**What you have to do:** Repeat verbatim what the listing holds, but not its pictures.

**Extracted records:**
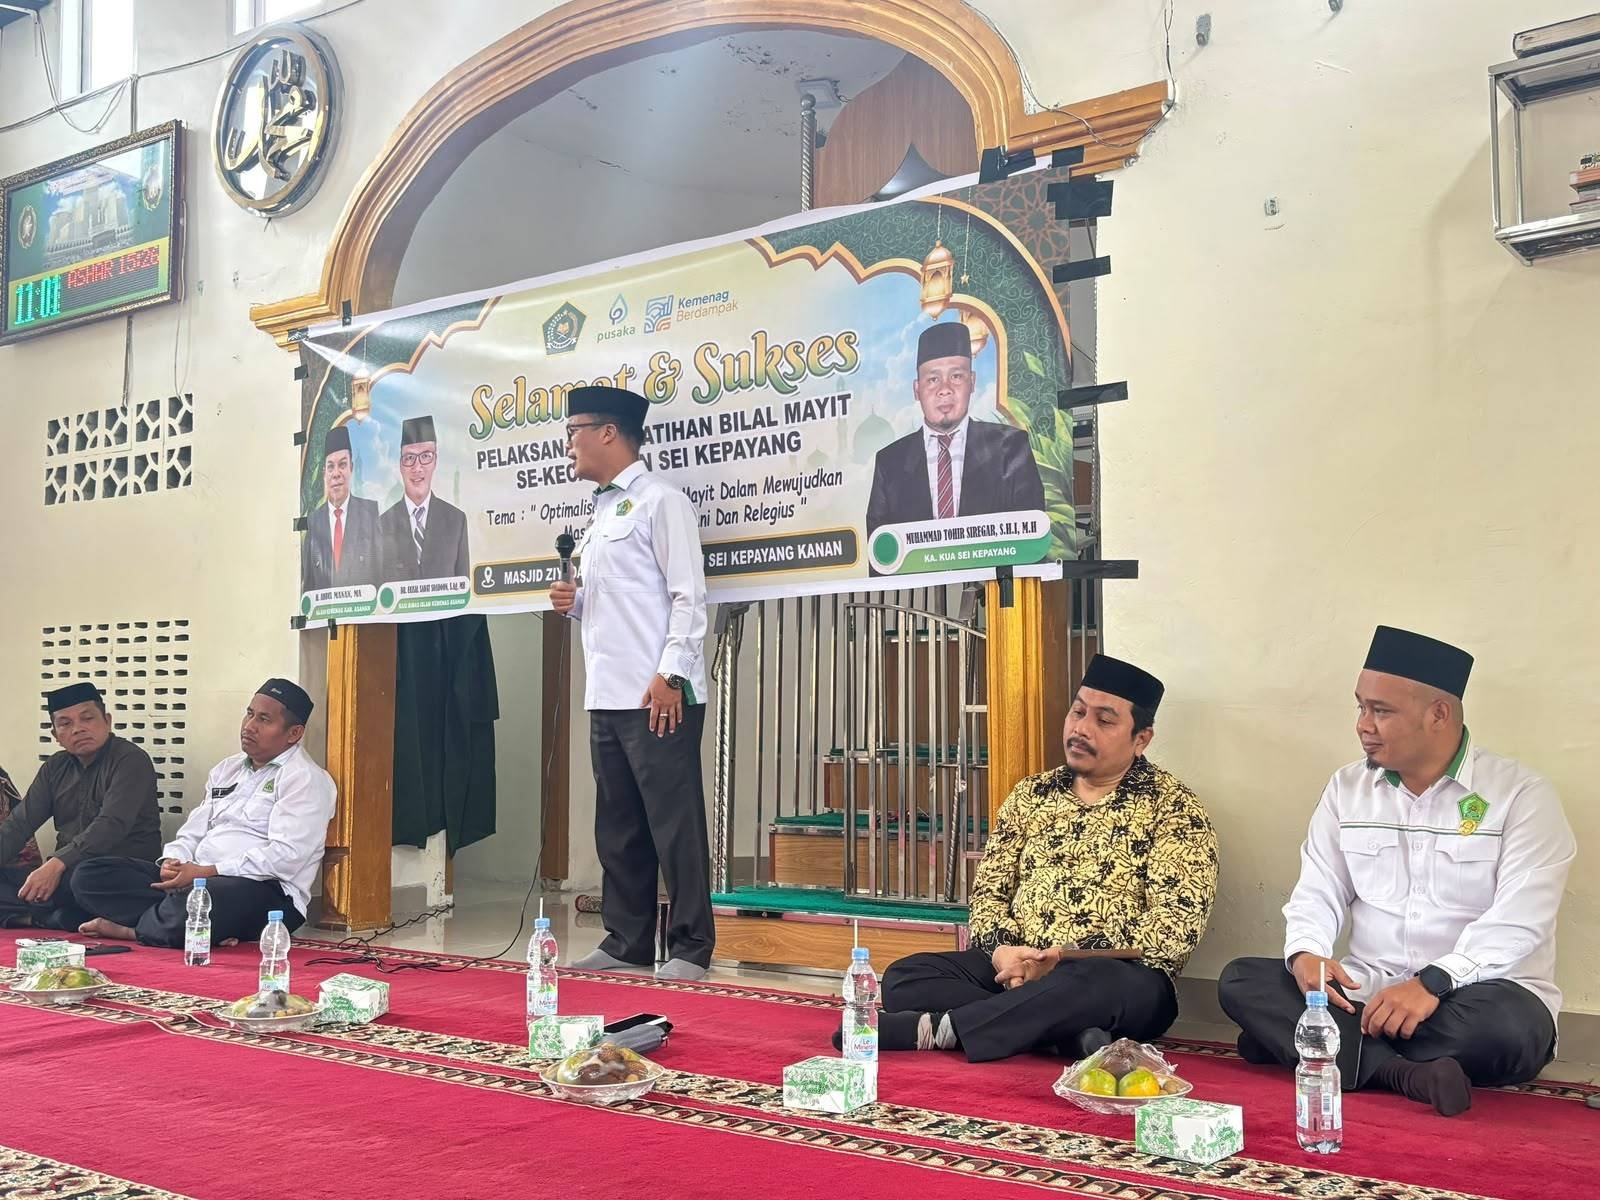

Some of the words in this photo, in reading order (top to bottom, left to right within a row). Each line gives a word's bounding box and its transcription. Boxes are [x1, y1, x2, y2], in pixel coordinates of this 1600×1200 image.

[676, 300, 738, 322] Berdampak
[678, 291, 729, 309] Kemenag
[596, 325, 636, 343] pusaka
[643, 351, 682, 404] &
[692, 330, 859, 404] Sukses
[477, 439, 569, 470] PELAKSAN
[719, 406, 779, 434] BILAL
[784, 393, 851, 424] MAYIT
[516, 463, 584, 489] SE-KEC
[658, 447, 689, 471] SEI
[695, 431, 802, 466] KEPAYANG
[486, 510, 516, 526] Tema
[720, 479, 758, 501] Dalam
[763, 468, 843, 496] Mewujudkan
[716, 508, 739, 526] Dan
[744, 501, 795, 526] Relegius
[905, 530, 942, 545] MUHAMMAD
[943, 527, 965, 542] TOHIR
[966, 524, 998, 539] SIREGAR,
[504, 569, 543, 585] MASJID
[708, 552, 728, 568] SEI
[731, 545, 795, 566] KEPAYANG
[798, 540, 843, 559] KANAN
[924, 554, 938, 563] KA.
[939, 552, 956, 561] KUA
[957, 550, 971, 560] SEI
[973, 547, 1017, 559] KEPAYANG

**Task solution:**
Some of the words in this photo, in reading order (top to bottom, left to right within a row). Each line gives a word's bounding box and its transcription. Boxes are [x1, y1, x2, y2], in pixel coordinates of this 1600×1200 image.

[676, 300, 738, 322] Berdampak
[678, 291, 729, 309] Kemenag
[596, 325, 636, 343] pusaka
[643, 351, 682, 404] &
[692, 330, 859, 404] Sukses
[477, 439, 569, 470] PELAKSAN
[719, 406, 779, 434] BILAL
[784, 393, 851, 424] MAYIT
[516, 463, 584, 489] SE-KEC
[658, 447, 689, 471] SEI
[695, 431, 802, 466] KEPAYANG
[486, 510, 516, 526] Tema
[720, 479, 758, 501] Dalam
[763, 468, 843, 496] Mewujudkan
[716, 508, 739, 526] Dan
[744, 501, 795, 526] Relegius
[905, 530, 942, 545] MUHAMMAD
[943, 527, 965, 542] TOHIR
[966, 524, 998, 539] SIREGAR,
[504, 569, 543, 585] MASJID
[708, 552, 728, 568] SEI
[731, 545, 795, 566] KEPAYANG
[798, 540, 843, 559] KANAN
[924, 554, 938, 563] KA.
[939, 552, 956, 561] KUA
[957, 550, 971, 560] SEI
[973, 547, 1017, 559] KEPAYANG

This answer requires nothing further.